Tears filled the Marine’s eyes. He made no attempt to wipe them away. Instead, he stared across the white sandy beach lapped by low waves as the young guide’s voice described a bloody battle that took place here over 60 years ago.

Spoken words conjured images of deafening guns, whistling bullets, acrid smoke, painful screams, shouted orders and reddening sand. The Marine stared straight ahead. This had not been his battle, for he was just a little boy during this war.

But his First Marine Division had fought in this battle 62 years ago, and a Marine is always faithful—Semper Fi.

* * *

Outdoor adventure isn’t always a rip-roaring tear down a river or a ski slope. Sometimes a simple visit can become an incredible journey.

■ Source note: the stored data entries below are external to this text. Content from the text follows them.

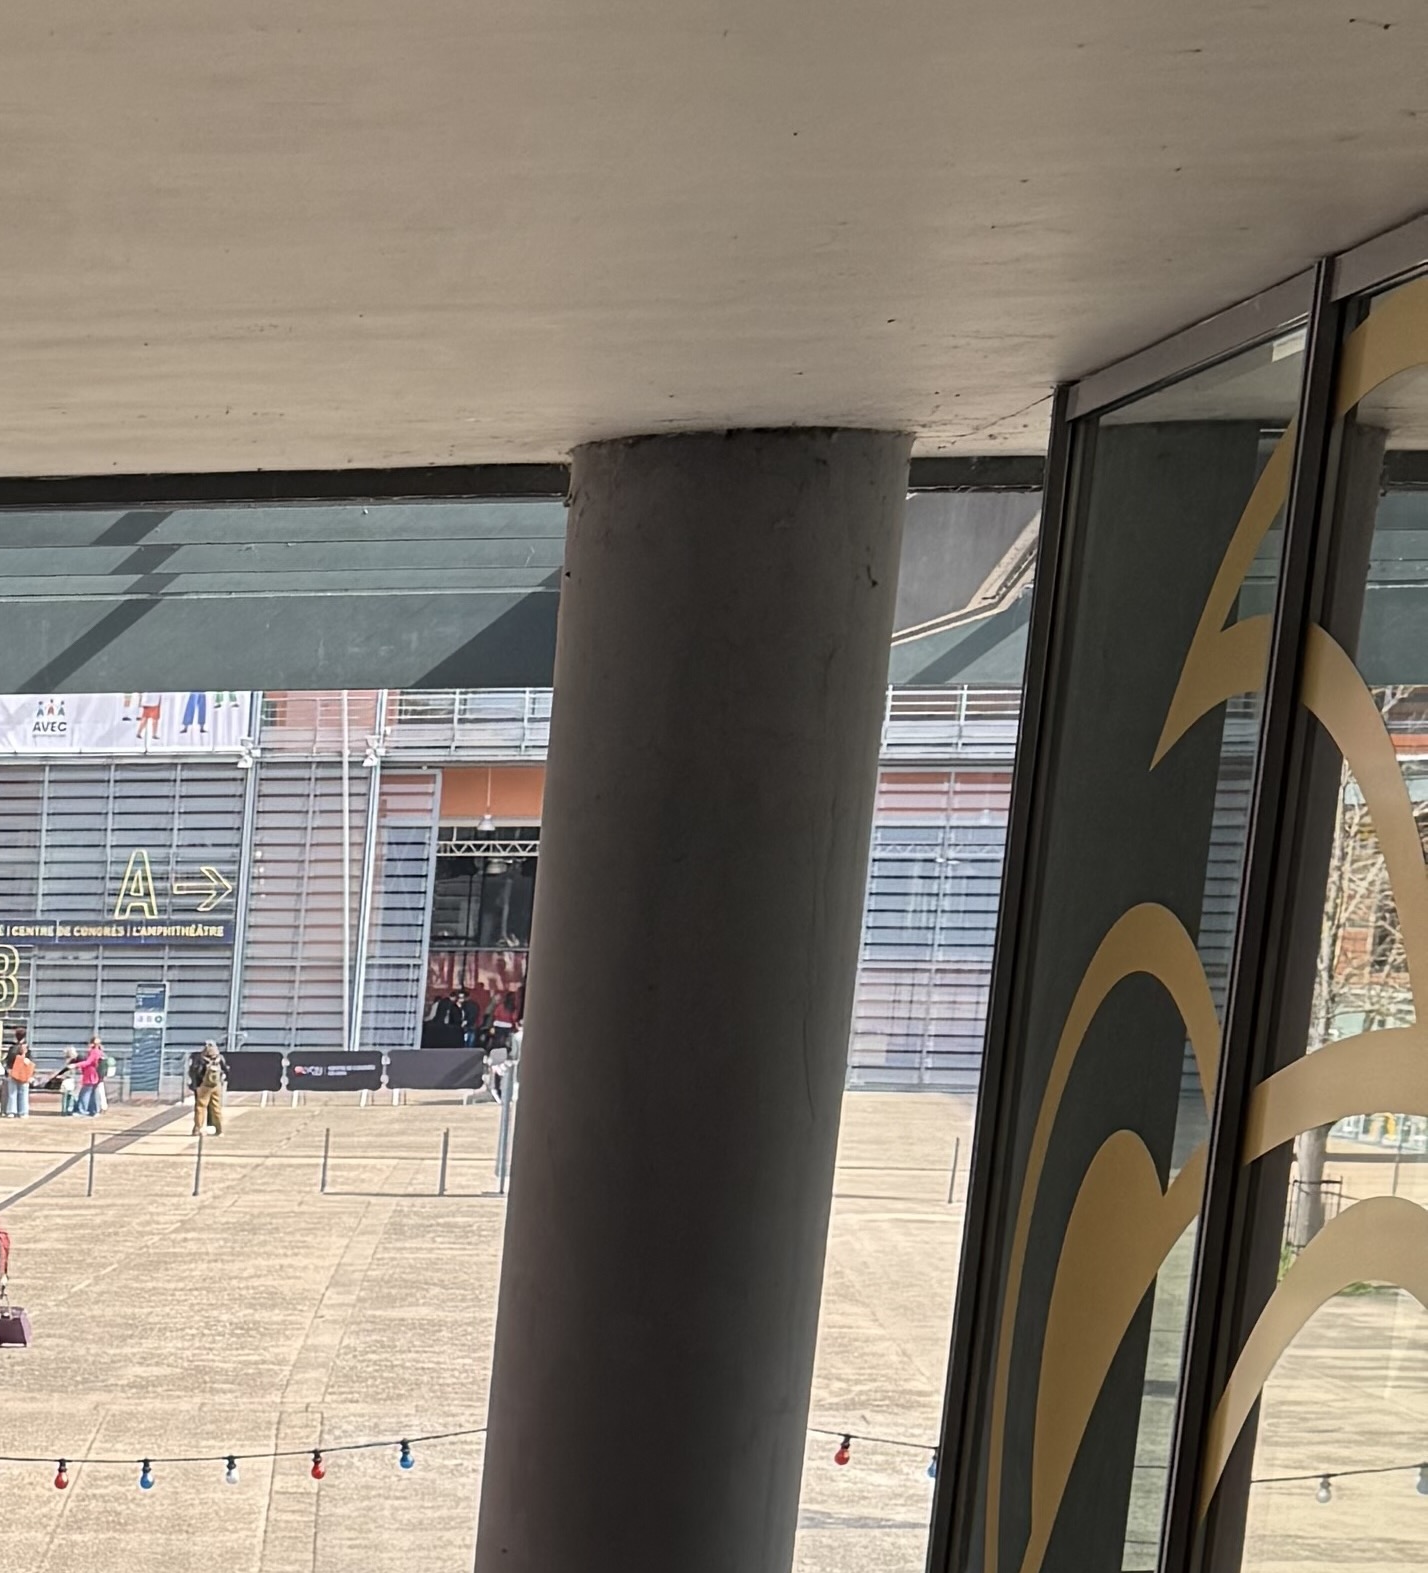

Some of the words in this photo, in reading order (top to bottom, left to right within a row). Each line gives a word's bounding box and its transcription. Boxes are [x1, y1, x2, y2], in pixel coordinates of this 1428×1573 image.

[32, 721, 67, 732] AVEC
[114, 849, 158, 920] A
[11, 924, 54, 937] CENTRE
[57, 925, 71, 937] DE
[73, 923, 125, 938] CONGRÈS
[132, 923, 225, 938] L'AMPHITHÉÂTRE

Sixty-one years ago this weekend the first atomic bomb was dropped on Hiroshima, Japan—the beginning of the end of World War II. Today, soldiers and civilians who lived through the war are far outnumbered by Baby Boomers, their children and grandchildren for whom “WWII” is only a collection of letters.

Half a world away, on the tiny island of Peleliu in the Republic of Palau, however, residents keep alive the memory of sacrifices made by those who fought the two-month-long Battle of Peleliu in 1944.

You and your companions--two Baby Boomers, a 22-year-old and the Marine—are eager to visit Peleliu’s many World War II battle sites and monuments.

Bright skies match everyone’s holiday mood as your fast boat skims the calm waters of the Palauan archipelago, a trans-equatorial tropical paradise about seven degrees north of the equator above Australia and New Guinea.

Peace Memorial c. Lanelli 2006

Tangie Hesus, a stocky, smiling young man carrying a thick notebook, is Peleliu’s Representative of Tourism. He drives your van over crushed coral roads into jungle, stopping in front of a square concrete structure. “This was a Japanese pillbox. These twelve holes contained Japanese machine guns pointed to the Philippine Sea.”

For the next couple of hours, you explore bombed-out buildings and some of the 200-plus pillboxes, bunkers and caves left from the 1914-1944 Japanese occupation. “When World War II began, the Japanese frightened the locals with war propaganda. They said, ‘Americans have horns and eat people.’ My grandma was scared.”

Everywhere, thick jungle green envelops rusted tanks, trucks, plane wrecks and machine guns where warriors abandoned them decades ago.

Islanders have converted one former Japanese building to a WWII museum honoring both Japanese and American fighters. Nearby is a four-columned Memorial to Peace made of atomic-bombed stone, the plaque says.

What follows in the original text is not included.